Dataset entries
━━━━

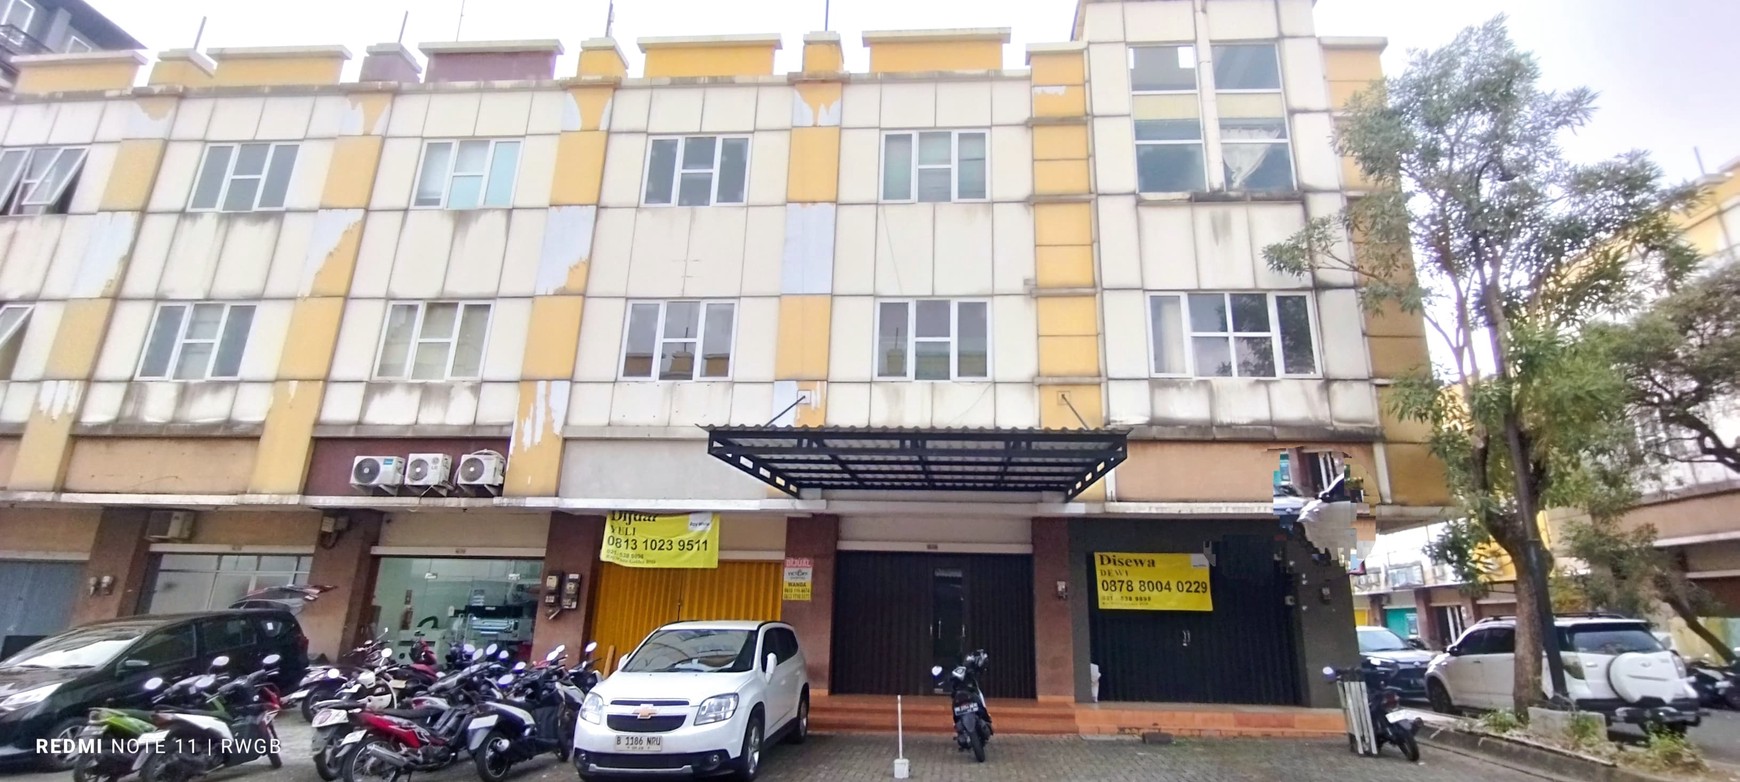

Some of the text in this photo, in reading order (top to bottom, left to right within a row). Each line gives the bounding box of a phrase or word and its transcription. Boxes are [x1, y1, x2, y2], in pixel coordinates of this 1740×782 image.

[611, 525, 636, 536] YULI
[607, 535, 708, 551] 0813 1023 9511
[1099, 554, 1156, 567] Disewa
[1100, 569, 1129, 577] DEWI
[1101, 579, 1208, 593] 0878 8004 0229
[616, 736, 621, 745] B
[625, 736, 644, 746] 1186
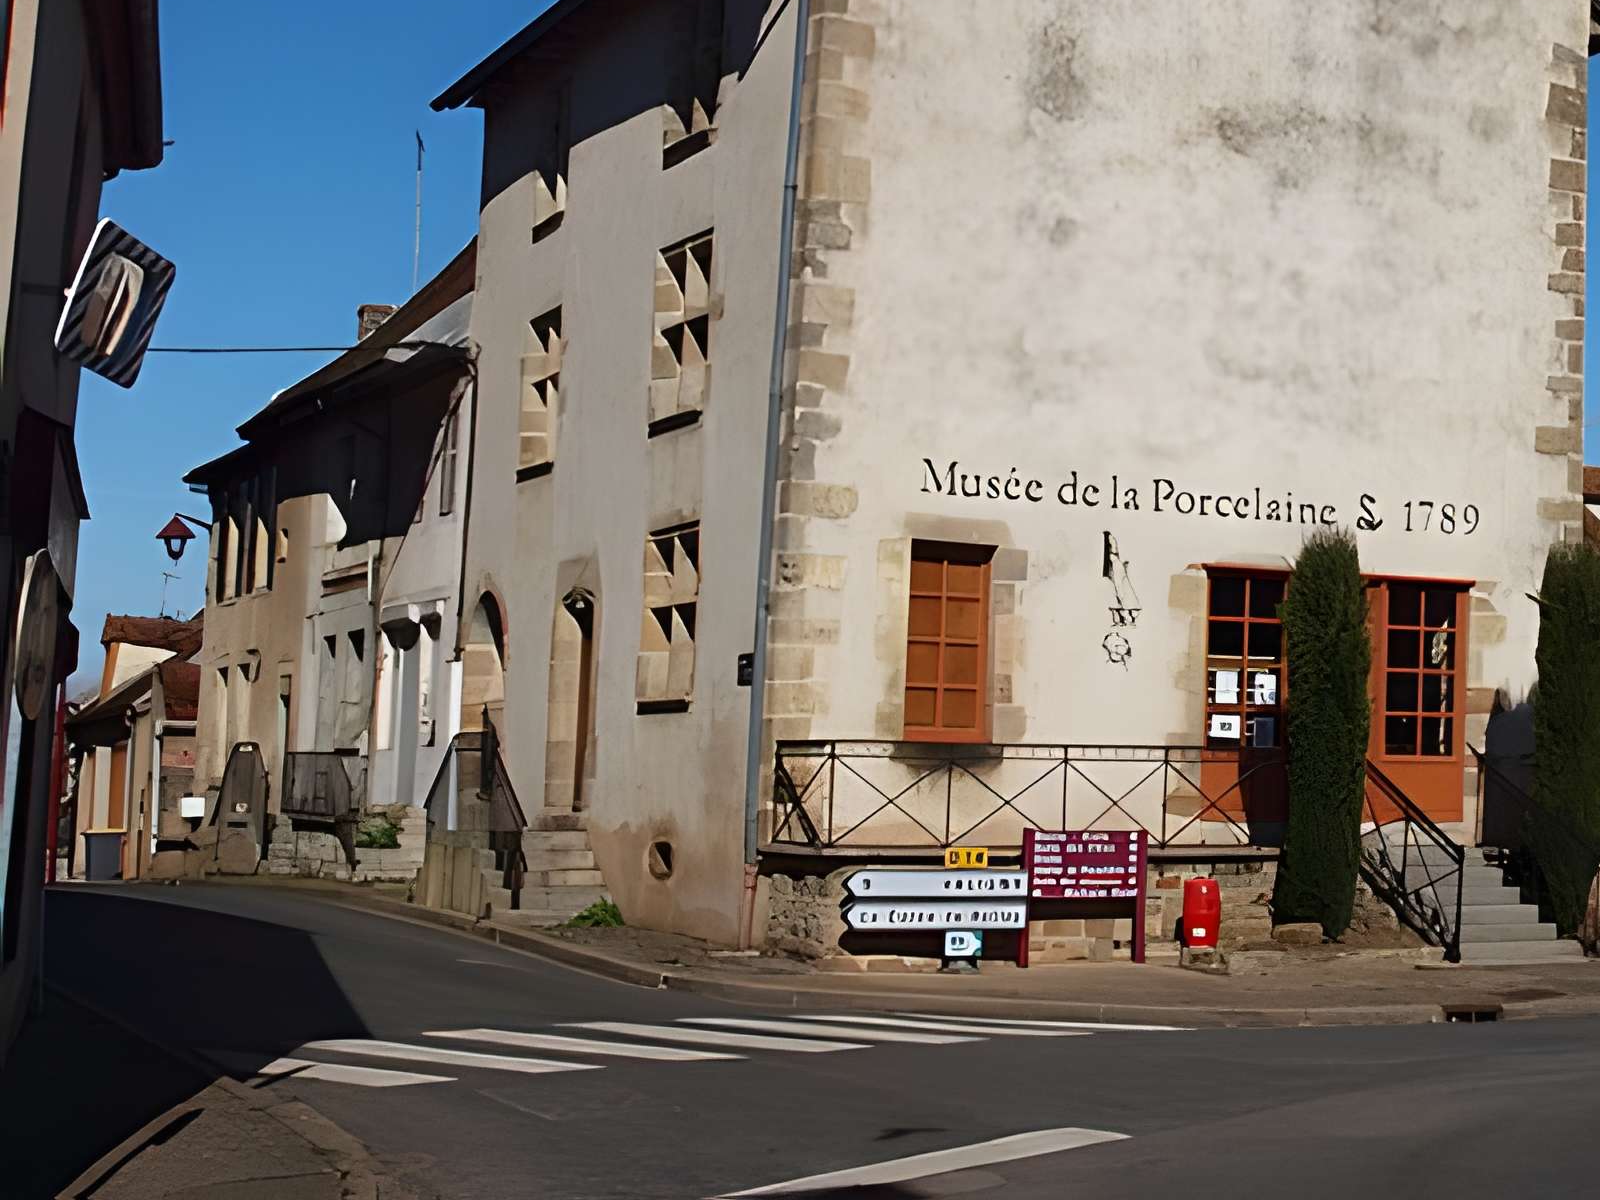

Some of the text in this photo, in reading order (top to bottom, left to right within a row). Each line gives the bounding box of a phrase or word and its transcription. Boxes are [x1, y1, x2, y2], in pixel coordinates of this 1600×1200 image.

[920, 457, 1044, 503] Musée
[1056, 470, 1100, 507] de
[1110, 474, 1140, 511] la
[1152, 477, 1338, 529] Porcelaine
[1402, 499, 1481, 536] 1789

━━━━

_Task item_
Starting at the line that contains "this 1600×1200 image.", copy every line down to the last line of the records above, exactly as written.

_Written solution_
Some of the text in this photo, in reading order (top to bottom, left to right within a row). Each line gives the bounding box of a phrase or word and its transcription. Boxes are [x1, y1, x2, y2], in pixel coordinates of this 1600×1200 image.

[920, 457, 1044, 503] Musée
[1056, 470, 1100, 507] de
[1110, 474, 1140, 511] la
[1152, 477, 1338, 529] Porcelaine
[1402, 499, 1481, 536] 1789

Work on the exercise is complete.